Часто у койки Хагена раздавался женский смех. Он любезничал с сестрами, сиделками, лаборантками — всех женщин, независимо от возраста, называл сильфидами. Считал это «прусским комплиментом».

Когда Фишер, широко улыбаясь, приступил к опросу Хагена, чтобы выяснить некоторые моменты его биографии, неясно обозначенные в анкете, которую тот небрежно заполнил, Хаген, не отвечая, в упор уставился на Фишера, внимательно разглядывая его. Потом так же молча раздвинул циркулем указательный и средний пальцы и, словно делал какой-то промер, прикоснулся к его носу, ушам, лбу, подбородку.

Фишер спросил изумленно:

— У вас температура?

Хаген бросил презрительно:

— А у тебя не кровь, а коктейль. — Сощурившись, осведомился: — Как это ты с такими ушами и носом словчил проскочить мимо расового отдела? — Он снисходительно похлопал Фишера по колену и успокоил: — Ладно, живи. — Приказал, будто перед ним сидел подчиненный: — Чтобы всегда был одеколон, я не выношу, когда воняет сортиром. — И отвернулся к стене.

От койки Хагена Фишер отошел на цыпочках.

Коротенький, короткорукий, с отвислым пузом и приплюснутой головой, растущей, казалось, прямо из жирных плеч, с темной, как у фюрера, прядью, начесанной на астматически выпуклый, табачного цвета глаз. Фишер знал, что ему не пройти даже самой снисходительной экспертизы в расовой комиссии. А ведь до пятого колена, известного семейству Фишеров, все они были чистокровные немцы. И за что только природа так зло наказала его, не снабдив основными биологическими признаками расовой принадлежности арийца?
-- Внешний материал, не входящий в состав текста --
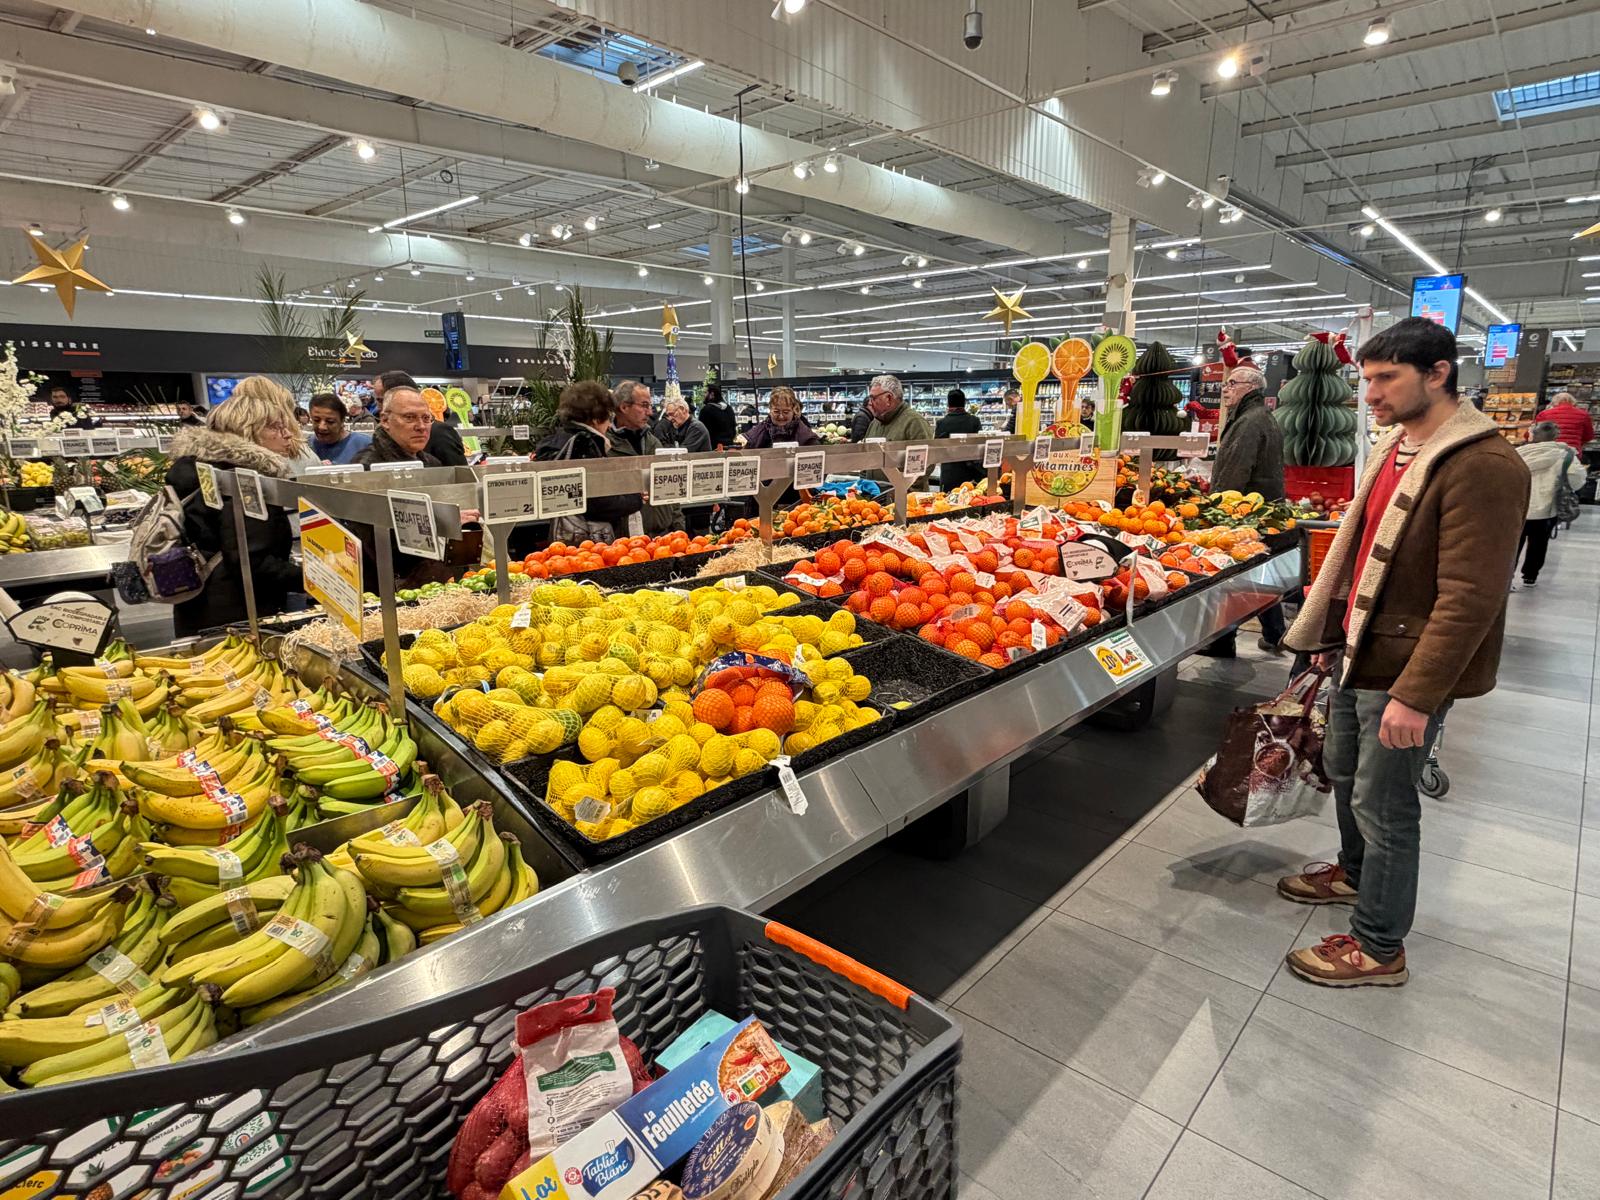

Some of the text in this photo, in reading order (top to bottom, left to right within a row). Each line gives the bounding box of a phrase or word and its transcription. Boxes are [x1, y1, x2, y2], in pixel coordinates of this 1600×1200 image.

[729, 468, 757, 477] ESPAGNE
[797, 463, 822, 472] ESPAGNE
[1034, 460, 1093, 472] Vitamines
[654, 474, 687, 485] ESPAGNE
[542, 482, 582, 496] ESPAGNE
[641, 1079, 715, 1150] Feuilletée
[643, 1110, 657, 1123] La
[583, 1150, 619, 1180] Tablier
[595, 1160, 629, 1187] Blanc
[519, 1176, 558, 1200] Lot
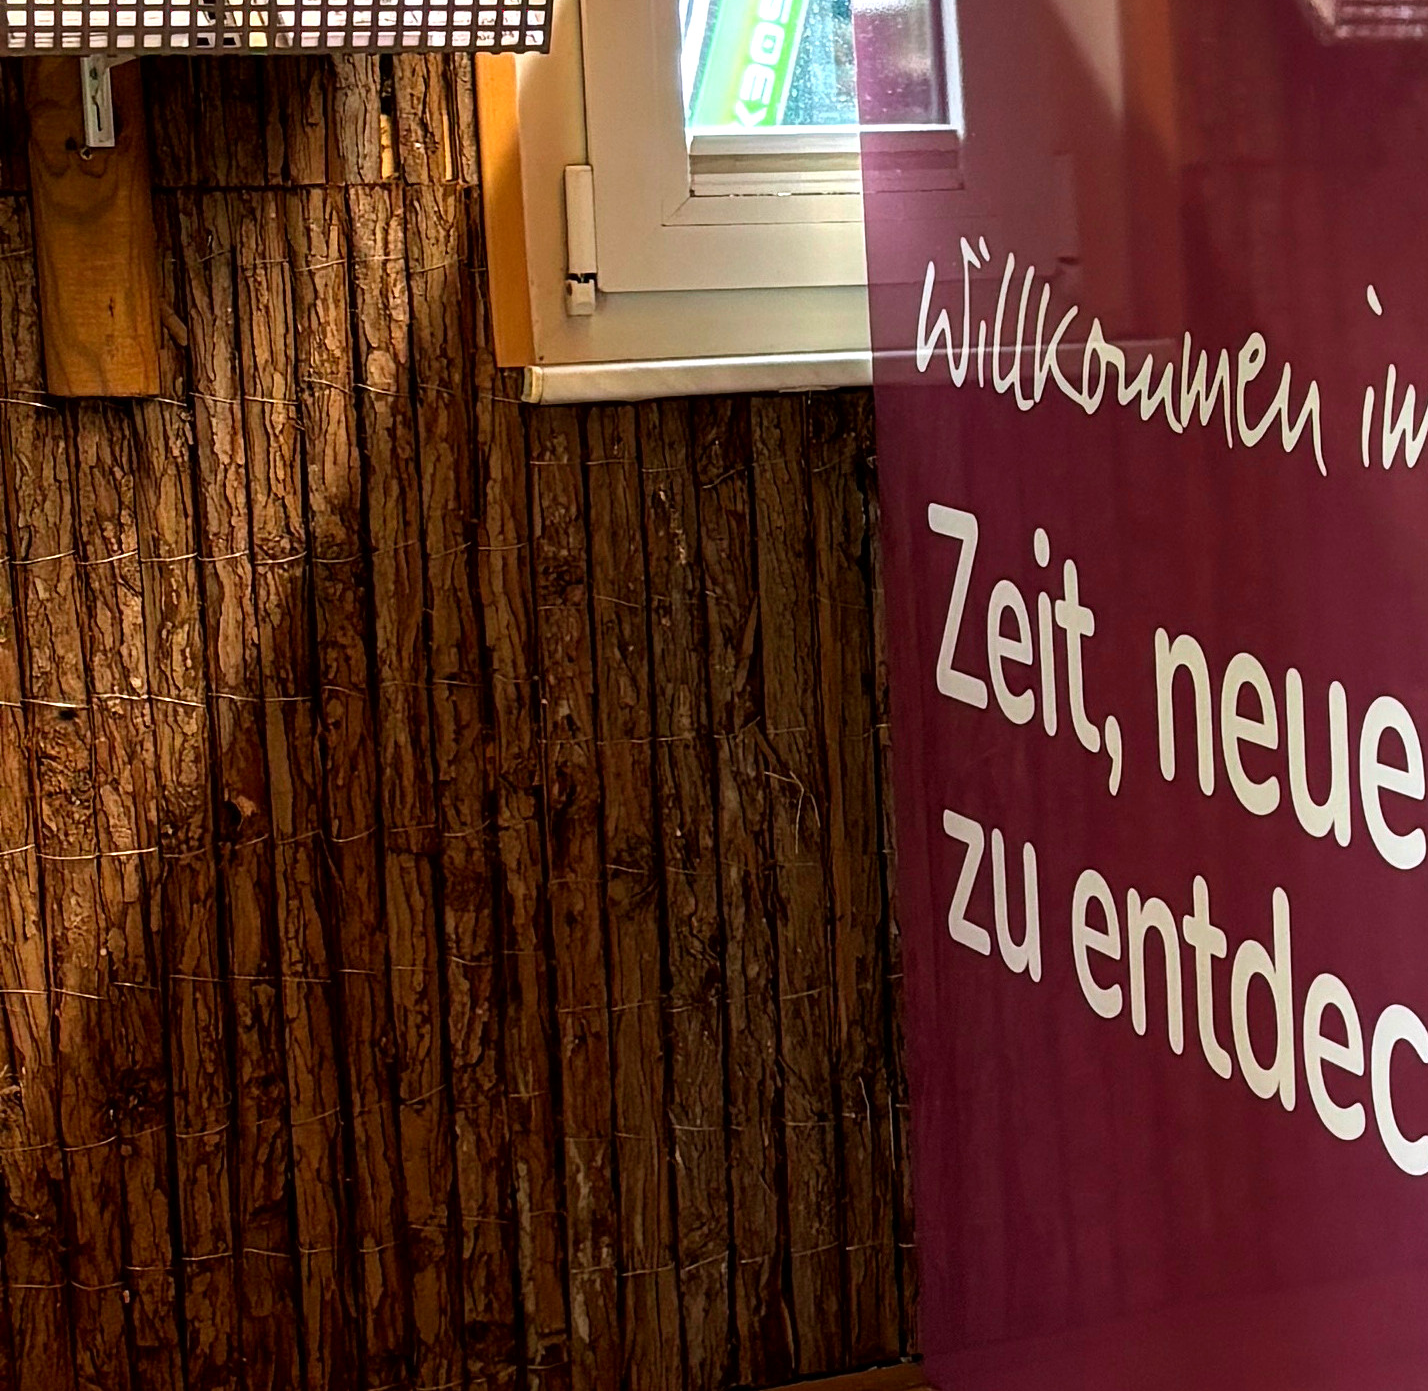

И ростом он не вышел, и волосы у него не белокурые, а глаза не голубые. А уж о форме носа, ушей, черепа и говорить не приходится. Правда, если бы он меньше жрал, то мог бы похудеть, и тогда, пожалуй, у него бы появилось какое-то сходство с фюрером. Да, с самим фюрером! Ну а вдруг Хаген действительно заявит в расовую комиссию, что тогда? Посмотрят на него и скажут: «Фишер не ариец». Вот и начинай доказывать. Докажешь. А пятно все же останется: подозрение-то было!

И Фишер мудро решил не раздражать этого Хагена, терпеть его наглость: ведь фюрер тоже был когда-то ефрейтором. Хаген — образец арийца. Он может кого угодно обвинить в расовой неполноценности. А это не менее опасно, чем обвинение в измене рейху. Но, если отбросить биологические факторы, Фишер чувствовал себя подлинным арийцем, арийский дух был в нем силен, он его проявлял в обращении с ранеными. Если солдат не мог отвечать на вопросы стоя, то Фишер заставлял его отвечать сидя.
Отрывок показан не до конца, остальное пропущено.